I dont think that I have wavered myself too much from when I met my H - except with the fact that I never would have thought to have had a one night, and then the EA. Ever. I am still the same person, minus the confidence that I once felt 5 weeks ago. I am not the same broken person as I was then - so Im guessing I AM getting stronger.
In my heart, I know one day we will be together again. Its the way he does look at me. Its the way that he hugs me. Carasses my back while in the embrace as he did last night. Its the fact that he knows, me being that close, that I will probably kiss his right side of his neck. Just a small peck. Ive done it the past three times we've embraced. Im sure he knows I will do it again if I am ever to embrace him again.

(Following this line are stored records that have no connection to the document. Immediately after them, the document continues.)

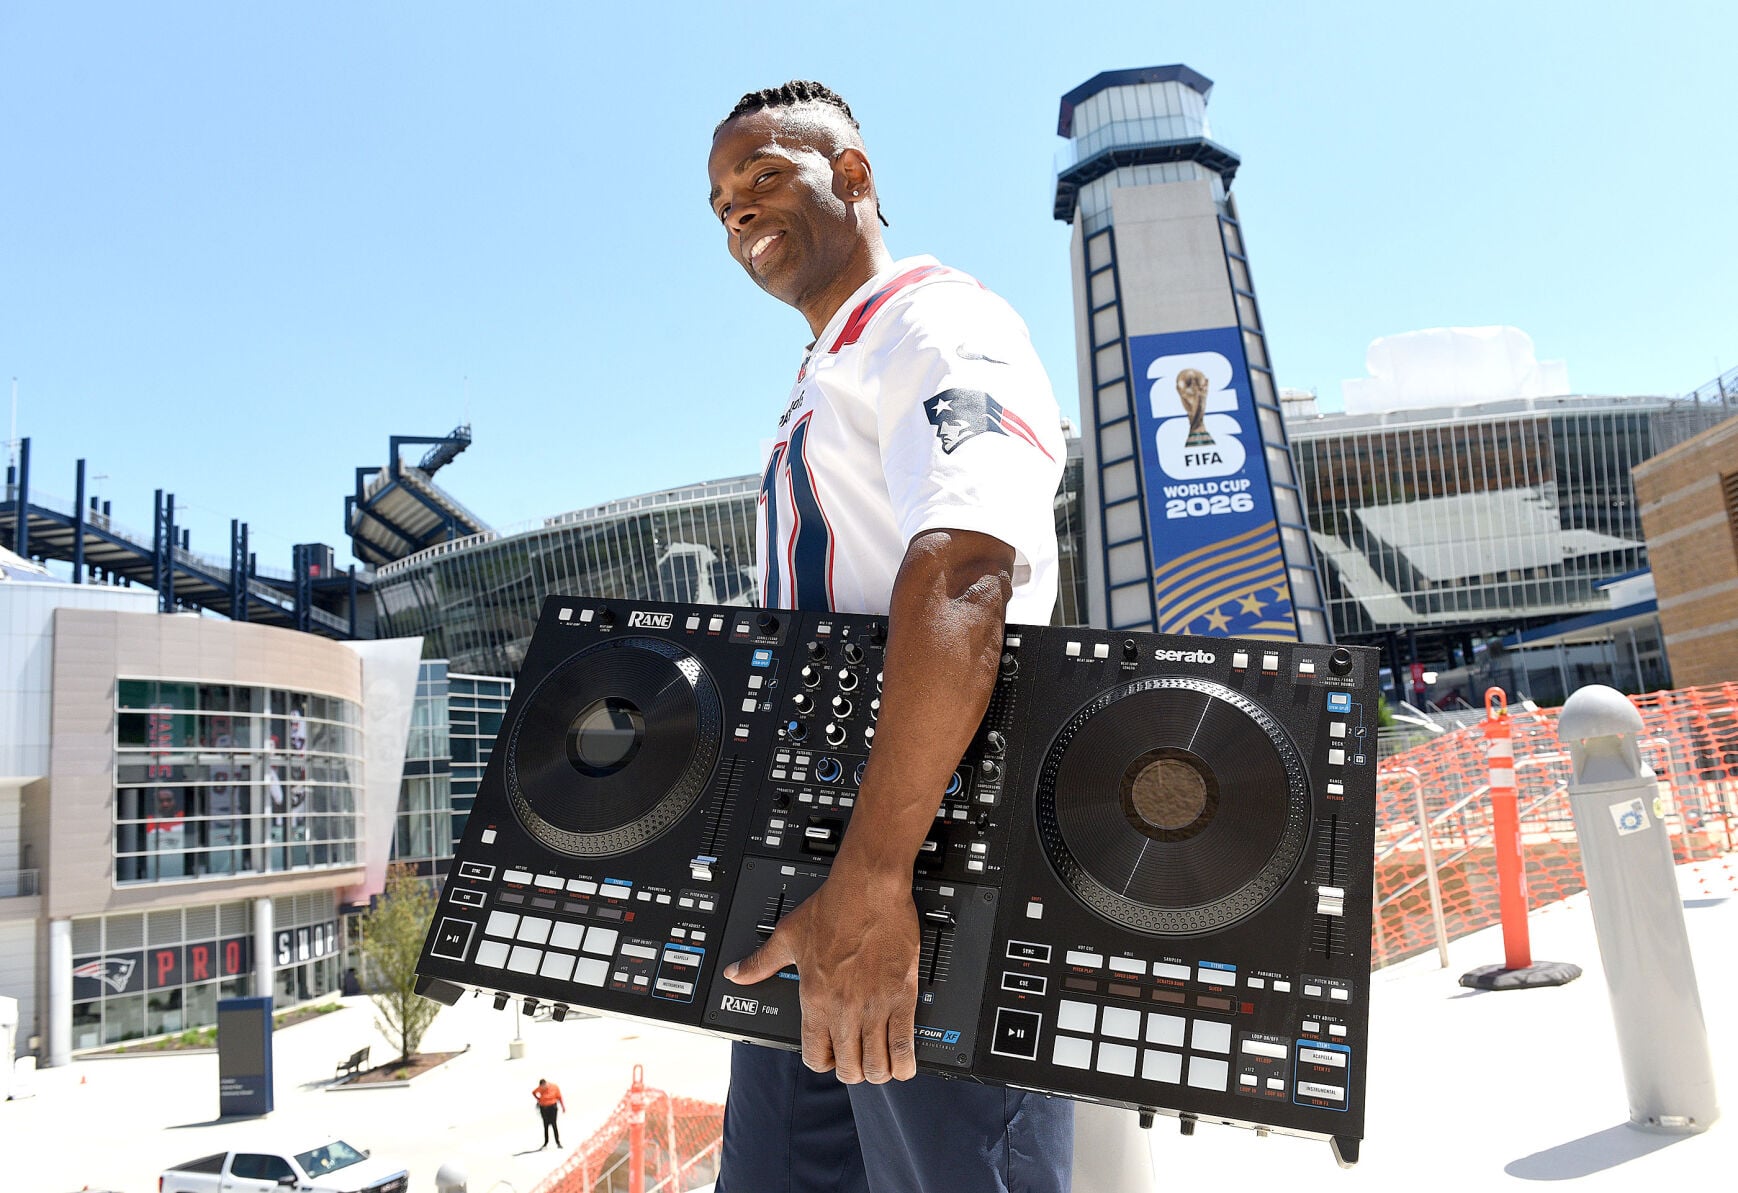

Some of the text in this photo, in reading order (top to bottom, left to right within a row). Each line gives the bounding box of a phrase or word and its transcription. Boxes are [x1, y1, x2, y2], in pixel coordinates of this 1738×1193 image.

[1185, 452, 1223, 466] FIFA
[1164, 479, 1250, 498] WORLD CUP
[1166, 493, 1254, 519] 2026
[628, 611, 673, 629] RANE
[1155, 649, 1216, 664] serato
[156, 941, 239, 986] PRO
[720, 995, 778, 1015] RANE FOUR
[920, 1030, 942, 1038] FOUR
[1306, 1086, 1336, 1095] INSTRUMENTAL

Its there. And when I feel stronger, and gain that confidence 100%, when my mind is healthier - there isnt anything that will hold me back because anything is possible. Hopefully at that time he will see me as the person that I was before all this crap started with the affairs. But Better.
This is what my heart and mind are sharing with me this afternoon. And I just wanted you to know.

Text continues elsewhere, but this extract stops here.